Credit: David Reilly
Michael Biercuk never heeded advice to avoid sweating the small stuff - in his world of precision metrology, tiny things matter. The forces that interest Biercuk are about a septillion times smaller than the weight of a feather, on the scale of yoctonewtons (that's 10-24 of a Newton, the standard unit of force).
Because forces this tiny can have huge effects on the behavior of electrons in a solid material, being able to measure them precisely is critical to solving much larger problems in nanotechnology, Biercuk says.
That's motivated him to devote a career to worrying about the very small, beginning as a Harvard PhD student, where he studied tiny carbon nanotubes so thin they behave as though they are one-dimensional to the charges that flow through them. Now, as the Director of the Quantum Control Laboratory and a chief investigator in the Australian Research Council Centre of Excellence for Engineered Quantum Systems at the University of Sydney, he's using trapped atomic ions to model (relatively) large and complicated quantum phenomena.
If you've never heard of the prefix yocto, you're not alone. As the smallest measurement prefix that the International System of Units has named, it hasn't gotten much use. Although physicists have known for decades that trapped atomic ions reacted to forces at the yoctoscale, Biercuk, along with then colleagues at the National Institute of Standards and Technology in Colorado, performed the first calibrated measurement of force-detection sensitivity with ions.
In the process the team set a record for the most sensitive measurement of force to date, detecting just a few hundred yoctonewtons with only one second of measurement time. And that notion of 'sensitivity' is key - it allows scientists to make apples-to-apples comparisons between different measurement technologies, taking into account how long it takes to extract information from a sensor.
If Biercuk has his way, 23 zeros will soon be too few. His growing research group at the University of Sydney continues to advance precision measurement with trapped ions. "It's exciting to push the limits of human capability," he says. In his group, researchers can trap and control individual atoms using electromagnetic fields - and those trapped ions can be used for precision force sensing or probing studies of the fundamentals of quantum mechanics.
Most previous force-detection techniques have used an arm-like cantilever that can be perturbed when force is applied, but Biercuk determined that atomic ions could measure forces with one thousand times greater sensitivity.

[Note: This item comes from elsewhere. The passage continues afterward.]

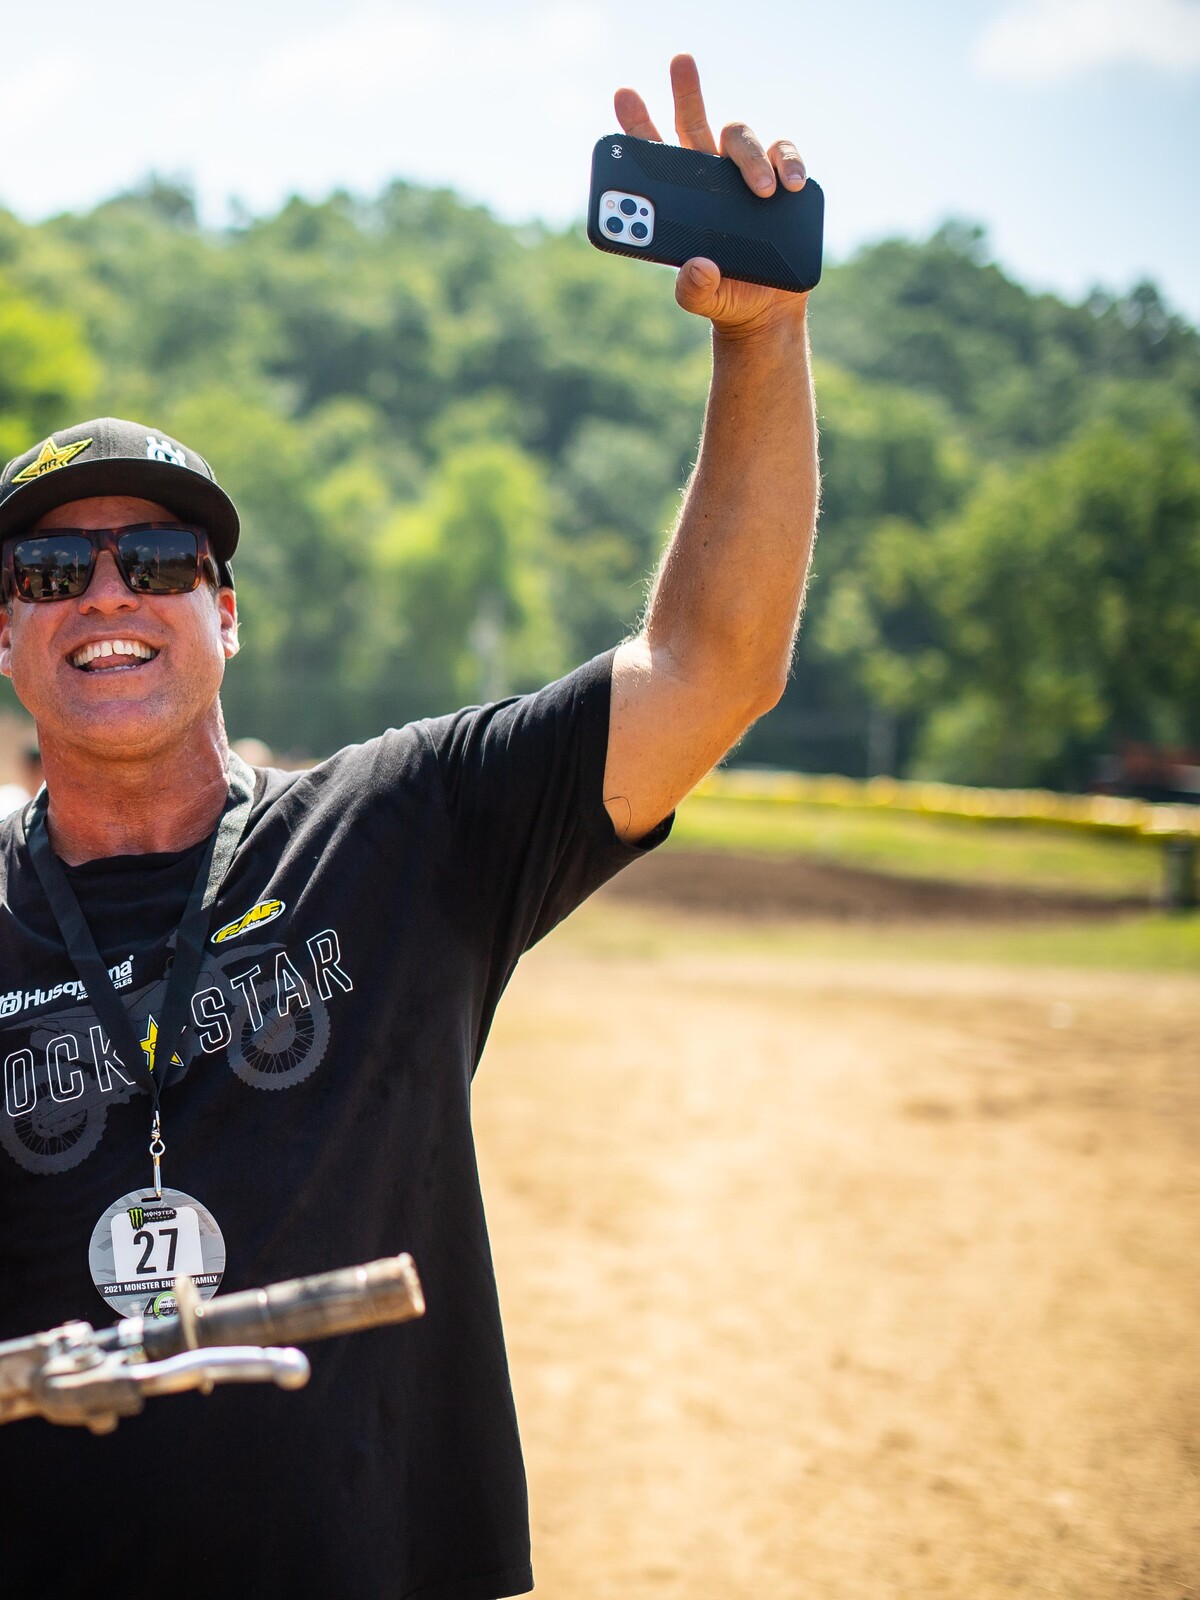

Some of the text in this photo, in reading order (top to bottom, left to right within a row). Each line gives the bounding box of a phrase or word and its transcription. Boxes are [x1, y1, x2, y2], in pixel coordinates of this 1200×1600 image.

You can think of trapped atoms like marbles in a bowl, he explains. If you tap the marble, it rolls up the side of the bowl before eventually settling back down at the bottom. Ions trapped in an electromagnetic field work similarly - applying a force to an ion will cause it to move, and that "motional response" can be used to detect the force.
Even if scientists aren't interested in forces quite so small, the increased sensitivity of ion-based detectors means that the instruments can make the same measurement about a million times faster than other methods because less time is required to distinguish the interesting force from mere "background noise", Biercuk says.

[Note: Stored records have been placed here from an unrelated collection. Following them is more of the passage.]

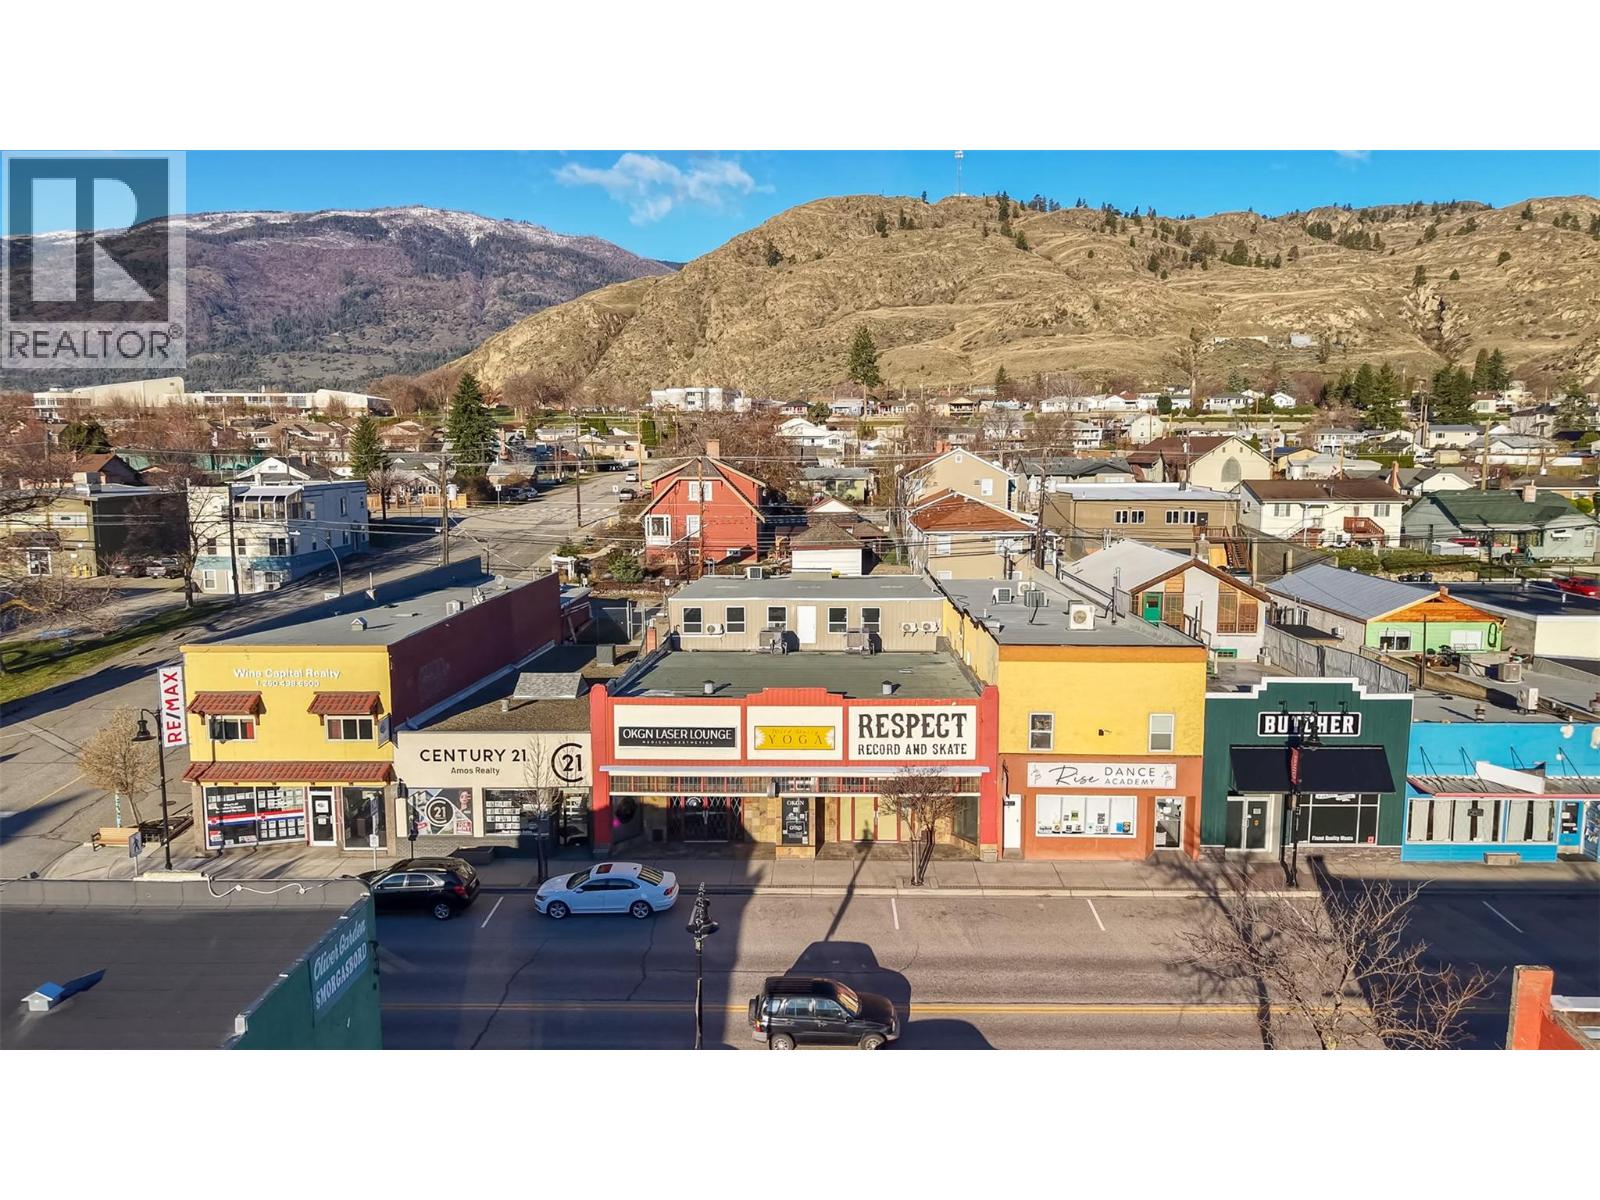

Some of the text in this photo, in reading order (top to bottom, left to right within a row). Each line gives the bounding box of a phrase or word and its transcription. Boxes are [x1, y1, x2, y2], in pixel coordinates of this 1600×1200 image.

[265, 667, 303, 680] Capital
[305, 667, 341, 679] Realty
[163, 671, 183, 743] RE/MAX
[858, 713, 967, 739] RESPECT
[622, 728, 733, 740] OKGN LASER LOUNGE
[768, 734, 823, 745] YOGA
[419, 749, 506, 762] CENTURY
[858, 743, 967, 755] RECORD AND SKATE
[450, 767, 500, 776] Amos Realty
[1049, 764, 1156, 786] Rise DANCE
[1104, 778, 1156, 786] ACADEMY
[312, 919, 367, 981] Oliver Garden
[315, 941, 368, 1010] SMORGASBORD
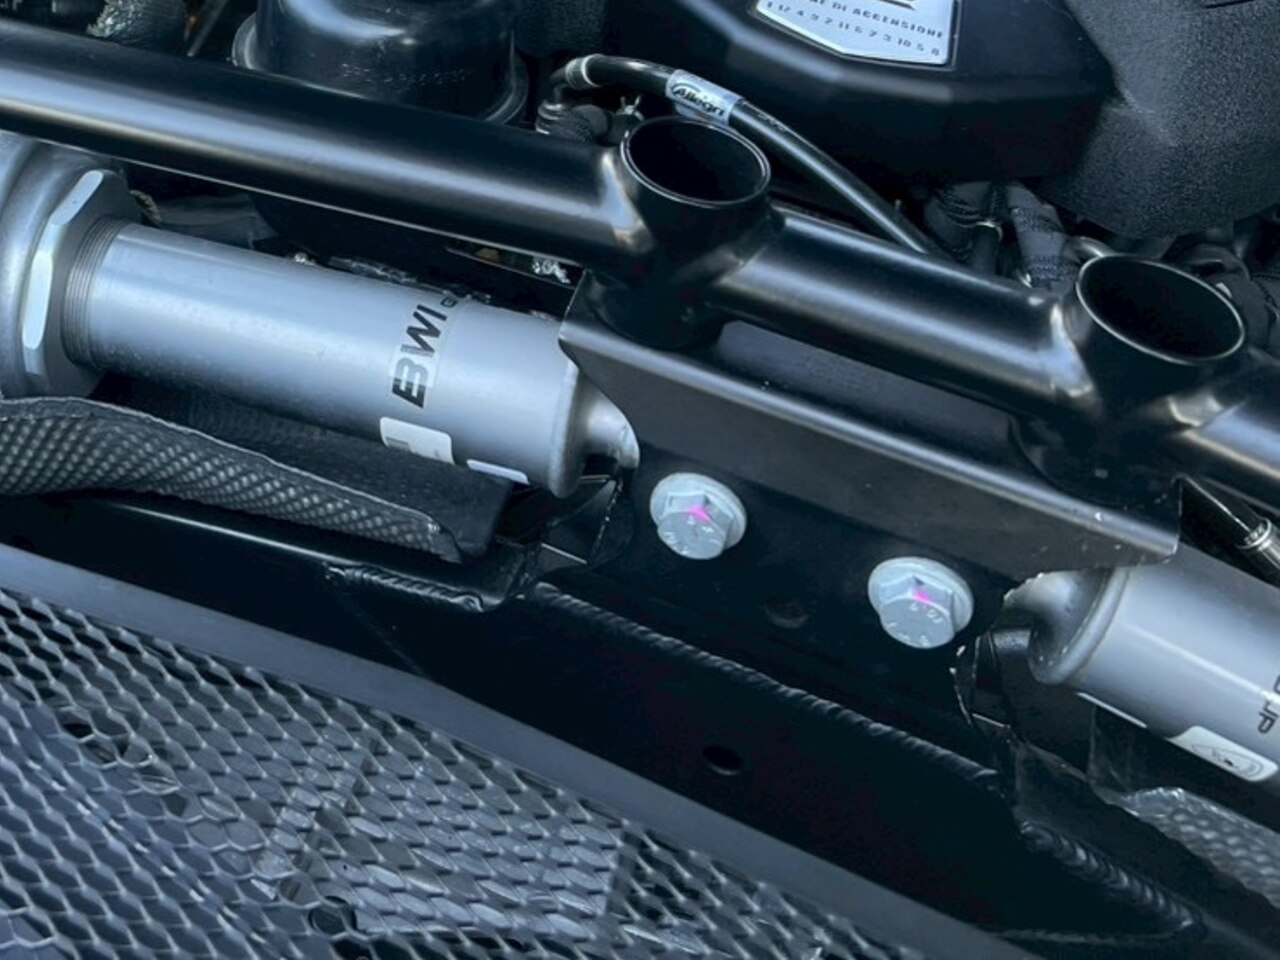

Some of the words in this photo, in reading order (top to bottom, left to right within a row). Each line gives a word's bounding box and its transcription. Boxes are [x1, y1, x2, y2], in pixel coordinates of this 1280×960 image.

[852, 8, 943, 38] ACCENSIONE
[672, 87, 725, 116] Allegri
[392, 304, 447, 409] BWI

The ultra-sensitive measurement earned Biercuk a National Measurement Institute Prize for excellence in measurement techniques. But measuring forces with such precision is only a tool to reach his overall goal of using atomic ions to model much more complicated quantum systems: a process called quantum simulation.
Quantum effects come into play in all areas of science - not only in nanotechnology and materials science but also in chemistry and potentially biology. For example, the way chemical compounds react is largely based on the quantum behaviour of their electrons.

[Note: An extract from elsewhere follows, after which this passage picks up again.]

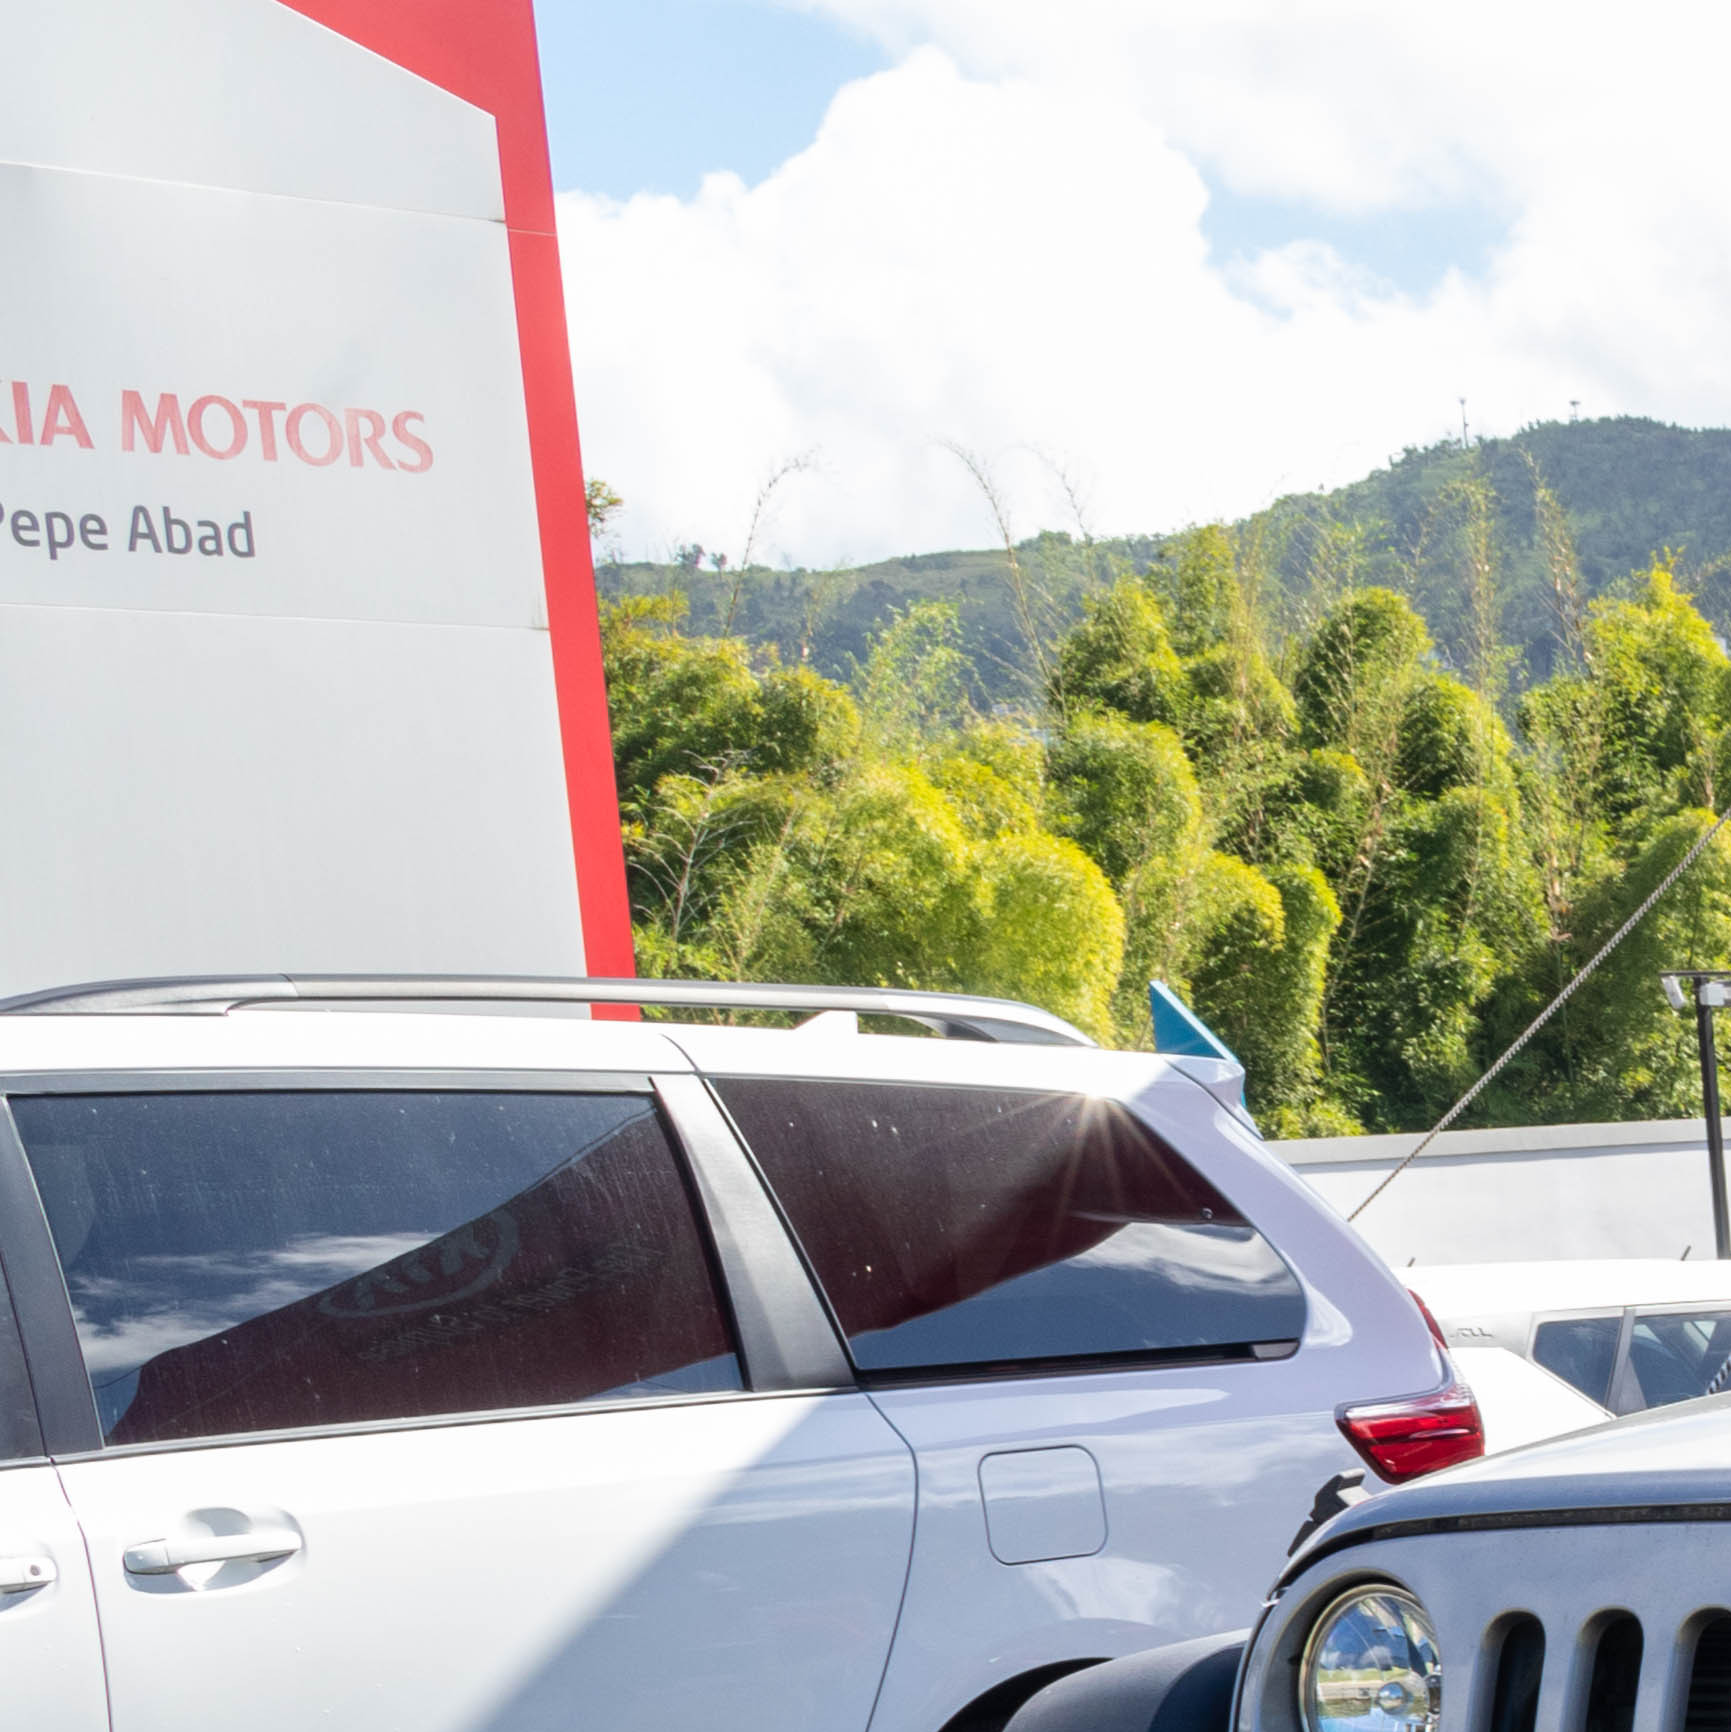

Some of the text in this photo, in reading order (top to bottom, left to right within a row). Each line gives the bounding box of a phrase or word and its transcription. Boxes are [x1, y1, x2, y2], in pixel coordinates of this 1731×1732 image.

[0, 379, 435, 474] IA MOTORS
[0, 502, 256, 560] epe Abad

But systems like proteins or interacting electrons in a solid are too complex to model using traditional computers. Biercuk says that combining groups of atomic ions and coupling them through their shared motion (ions repel each other because of their charges) can "produce a controlled quantum system that can mimic other quantum mechanical systems we don't understand."
Crucially, understanding even the simplest of quantum systems will require precise knowledge of the way ions react to external forces - right down the yoctonewton.